__Exercise aim__: Exclude the pictures from your copy, and reproduce each entry below verbatim.

__Data supplied__:

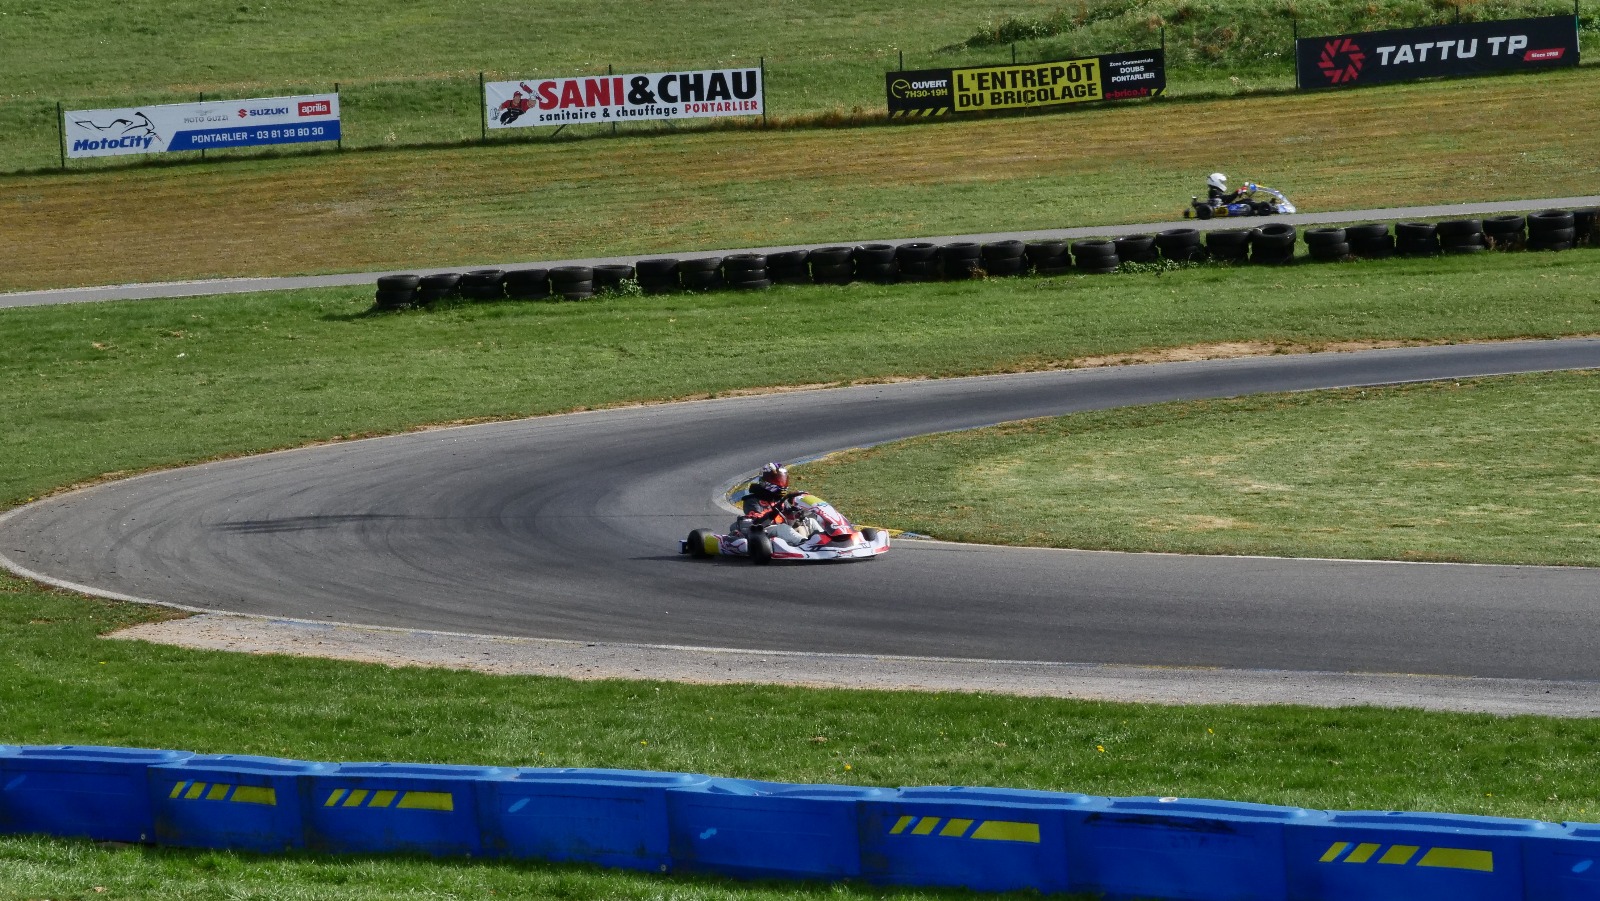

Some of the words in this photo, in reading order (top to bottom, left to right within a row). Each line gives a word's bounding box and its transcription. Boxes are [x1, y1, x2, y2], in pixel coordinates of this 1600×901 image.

[1376, 38, 1478, 66] TATTU
[1487, 34, 1528, 55] TP
[1120, 65, 1145, 74] DOUBS
[957, 62, 1096, 92] L'ENTREPÔT
[1111, 72, 1156, 83] PONTARLIER
[537, 70, 757, 111] SANI&CHAU
[911, 80, 948, 90] OUVERT
[904, 88, 948, 98] 7H30-19H
[958, 92, 985, 107] DU
[990, 82, 1098, 106] BRICOLAGE
[1105, 87, 1148, 99] e-brico.fr
[249, 107, 289, 117] SUZUKI
[301, 102, 328, 114] aprilia
[539, 109, 597, 122] sanitaire
[602, 107, 611, 118] &
[616, 105, 678, 117] chauffage
[684, 100, 758, 114] PONTARLIER
[184, 115, 205, 124] MOTO
[206, 114, 229, 122] GUZZI
[191, 131, 248, 143] PONTARLIER
[256, 130, 269, 140] 03
[271, 129, 281, 139] 81
[311, 126, 324, 136] 30
[73, 135, 153, 152] MotoCity
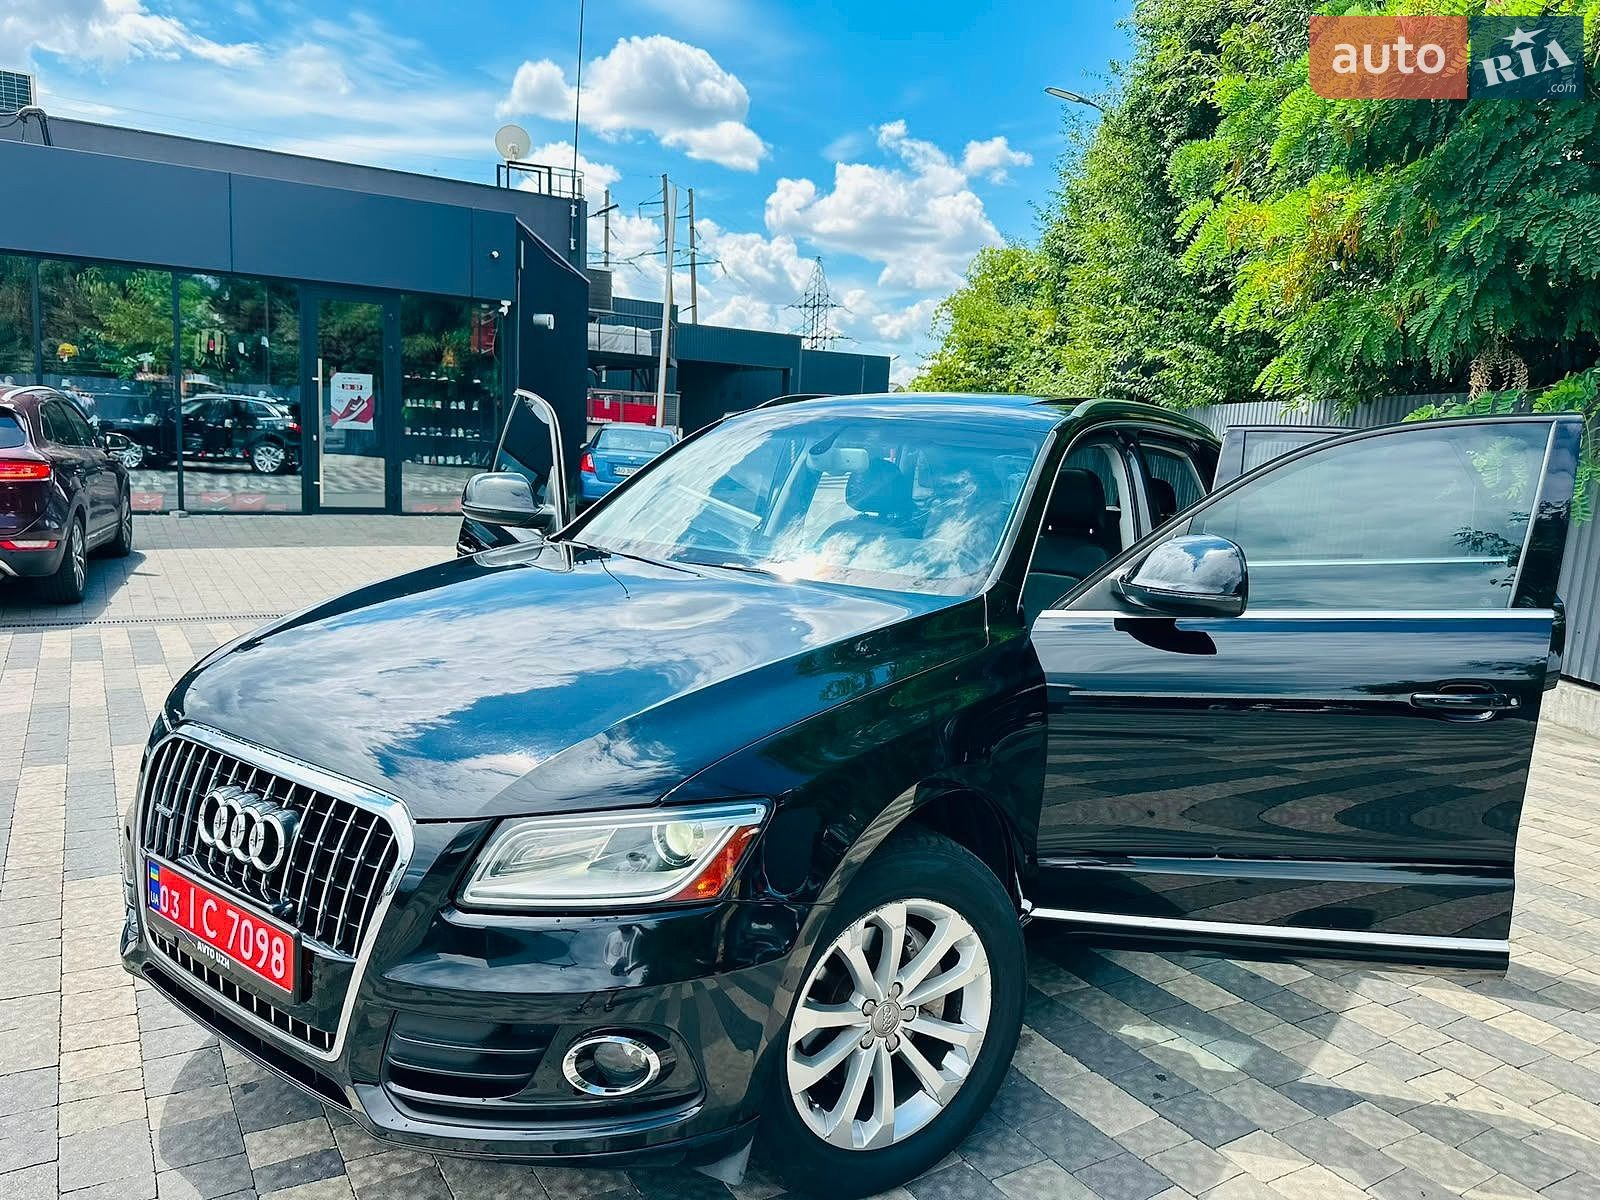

__Task answer__:
Some of the words in this photo, in reading order (top to bottom, left to right within a row). Each line gives a word's bounding box and its transcription. Boxes are [x1, y1, x2, y2], in pixel coordinates of this 1600×901 image.

[1376, 38, 1478, 66] TATTU
[1487, 34, 1528, 55] TP
[1120, 65, 1145, 74] DOUBS
[957, 62, 1096, 92] L'ENTREPÔT
[1111, 72, 1156, 83] PONTARLIER
[537, 70, 757, 111] SANI&CHAU
[911, 80, 948, 90] OUVERT
[904, 88, 948, 98] 7H30-19H
[958, 92, 985, 107] DU
[990, 82, 1098, 106] BRICOLAGE
[1105, 87, 1148, 99] e-brico.fr
[249, 107, 289, 117] SUZUKI
[301, 102, 328, 114] aprilia
[539, 109, 597, 122] sanitaire
[602, 107, 611, 118] &
[616, 105, 678, 117] chauffage
[684, 100, 758, 114] PONTARLIER
[184, 115, 205, 124] MOTO
[206, 114, 229, 122] GUZZI
[191, 131, 248, 143] PONTARLIER
[256, 130, 269, 140] 03
[271, 129, 281, 139] 81
[311, 126, 324, 136] 30
[73, 135, 153, 152] MotoCity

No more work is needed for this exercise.